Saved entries
※

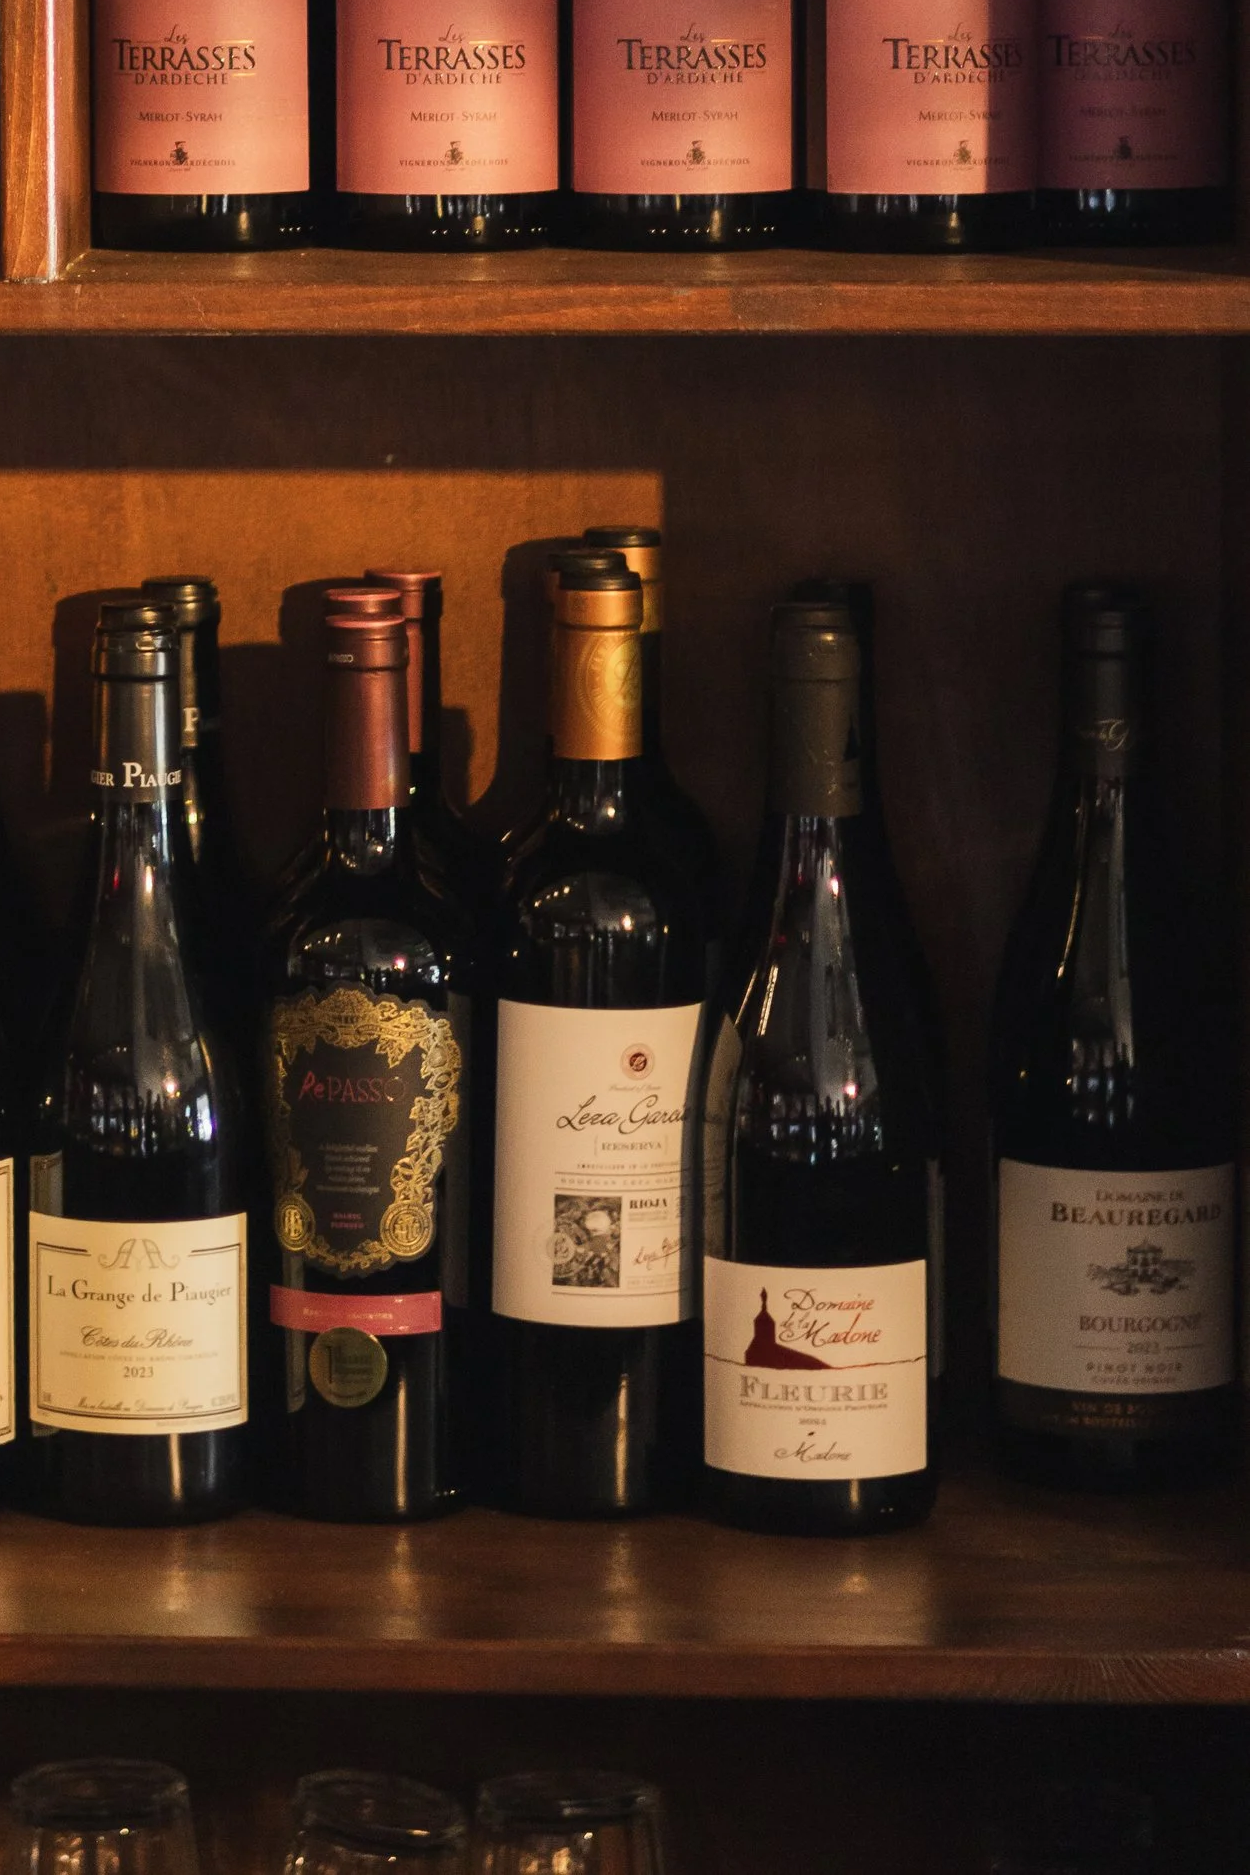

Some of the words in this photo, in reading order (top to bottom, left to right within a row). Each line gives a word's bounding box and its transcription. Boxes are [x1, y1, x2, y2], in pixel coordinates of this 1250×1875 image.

[438, 23, 466, 43] Les
[112, 39, 256, 70] TERRASSES
[377, 39, 526, 70] TERRASSES
[617, 38, 766, 70] TERRASSES
[882, 38, 1022, 69] TERRASSES
[1048, 35, 1197, 66] TERRASSES
[556, 1095, 622, 1131] Leza
[601, 1142, 662, 1151] RESERVA
[630, 1198, 668, 1209] RIOJA
[1050, 1202, 1221, 1226] BEAUREGARD
[47, 1275, 66, 1297] La
[71, 1279, 134, 1309] Grange
[142, 1283, 162, 1302] de
[169, 1281, 232, 1306] Piaugier
[784, 1288, 875, 1311] Domaine
[80, 1325, 120, 1348] Côtes
[122, 1335, 139, 1348] du
[141, 1327, 193, 1349] Rhône
[778, 1313, 883, 1348] Madone
[1079, 1313, 1202, 1333] BOURGOGNE
[123, 1366, 154, 1378] 2023
[740, 1374, 889, 1402] FLEURIE
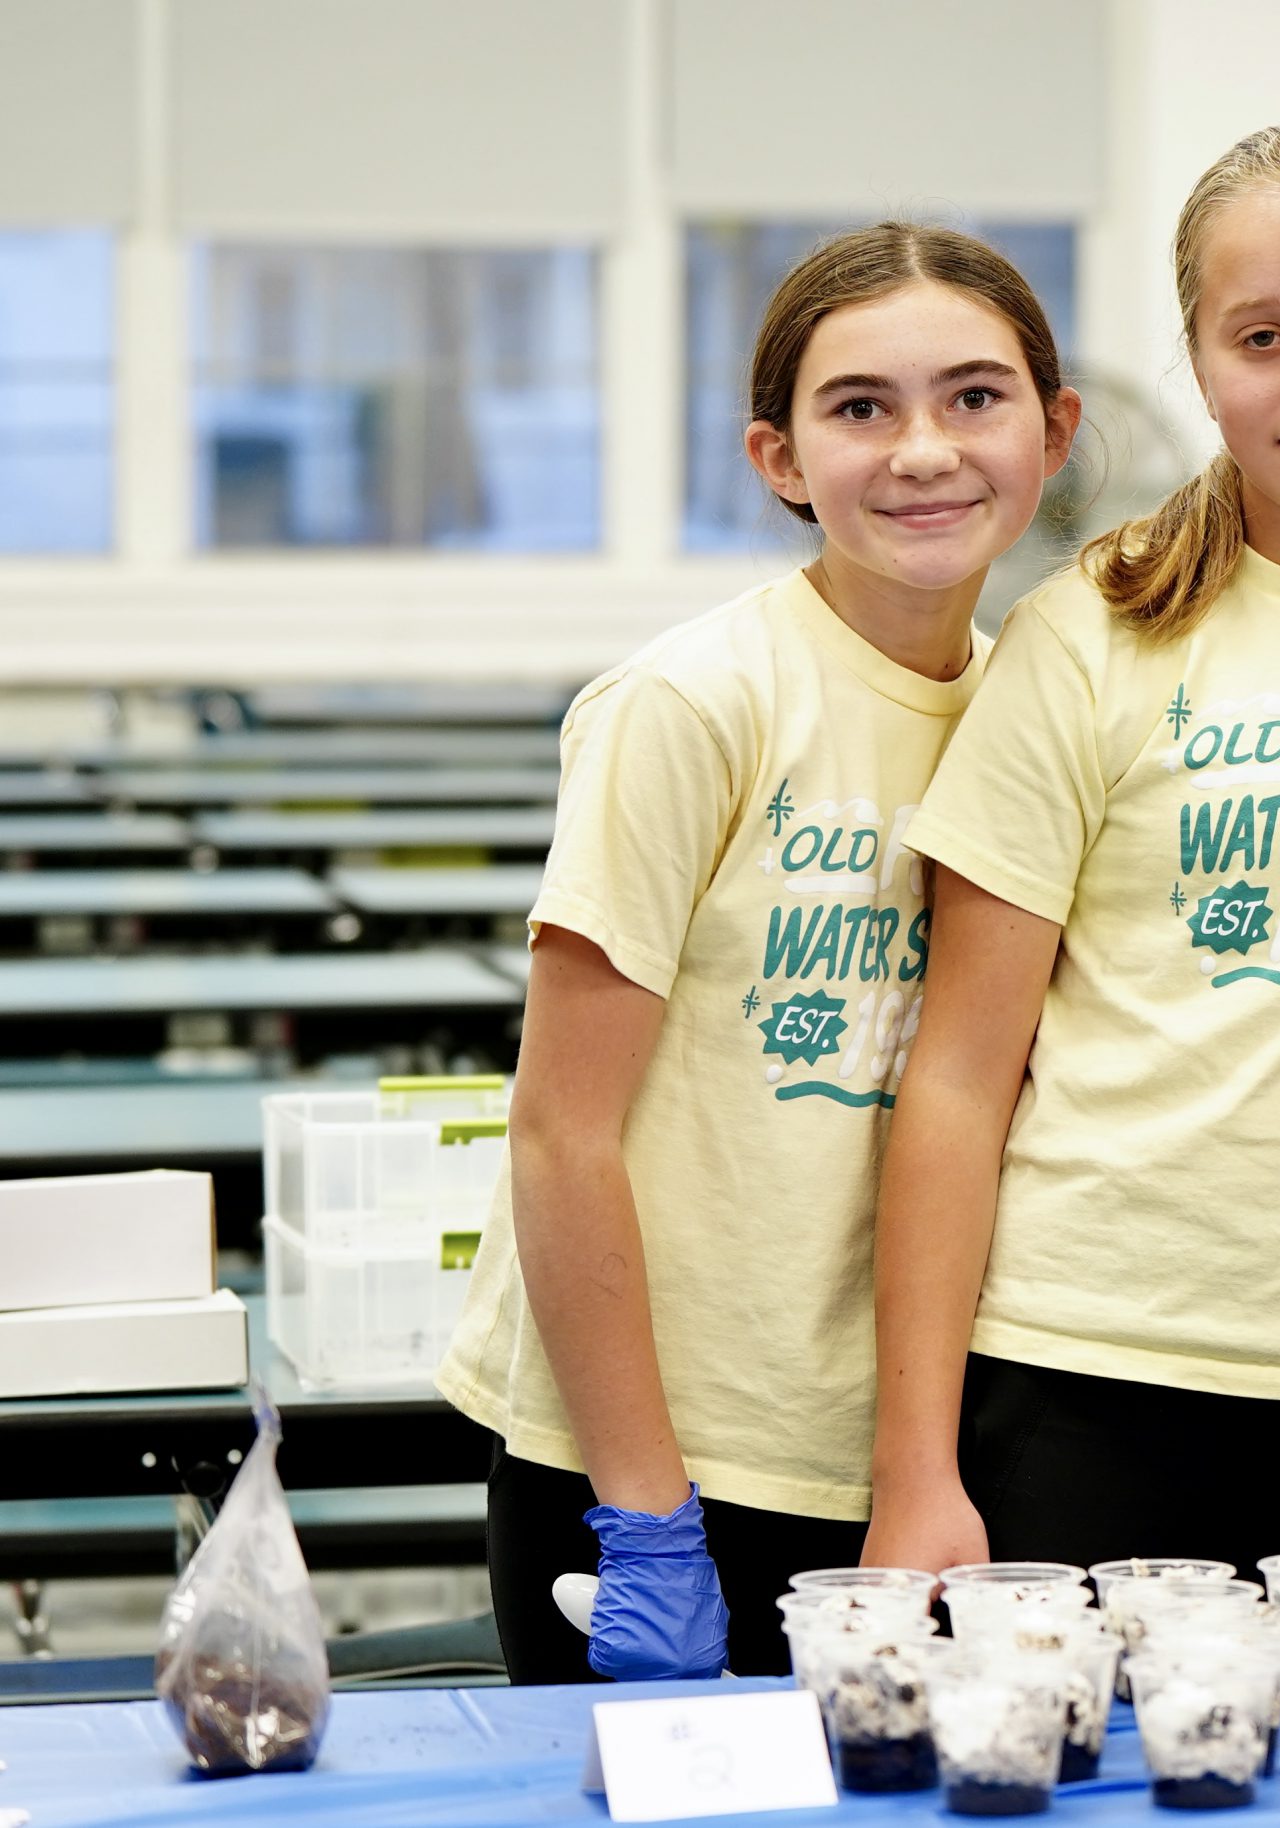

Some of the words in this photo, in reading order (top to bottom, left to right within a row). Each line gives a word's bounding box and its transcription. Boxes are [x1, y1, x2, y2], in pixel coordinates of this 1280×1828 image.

[781, 825, 878, 873] OLD
[1200, 898, 1264, 938] EST.
[763, 903, 900, 982] WATER
[775, 1006, 839, 1048] EST.

※

Prompt
Write out the lines above from the one containing "this 1280×1828 image." through the last, exactly as they are.

Exercise answer
Some of the words in this photo, in reading order (top to bottom, left to right within a row). Each line gives a word's bounding box and its transcription. Boxes are [x1, y1, x2, y2], in pixel coordinates of this 1280×1828 image.

[781, 825, 878, 873] OLD
[1200, 898, 1264, 938] EST.
[763, 903, 900, 982] WATER
[775, 1006, 839, 1048] EST.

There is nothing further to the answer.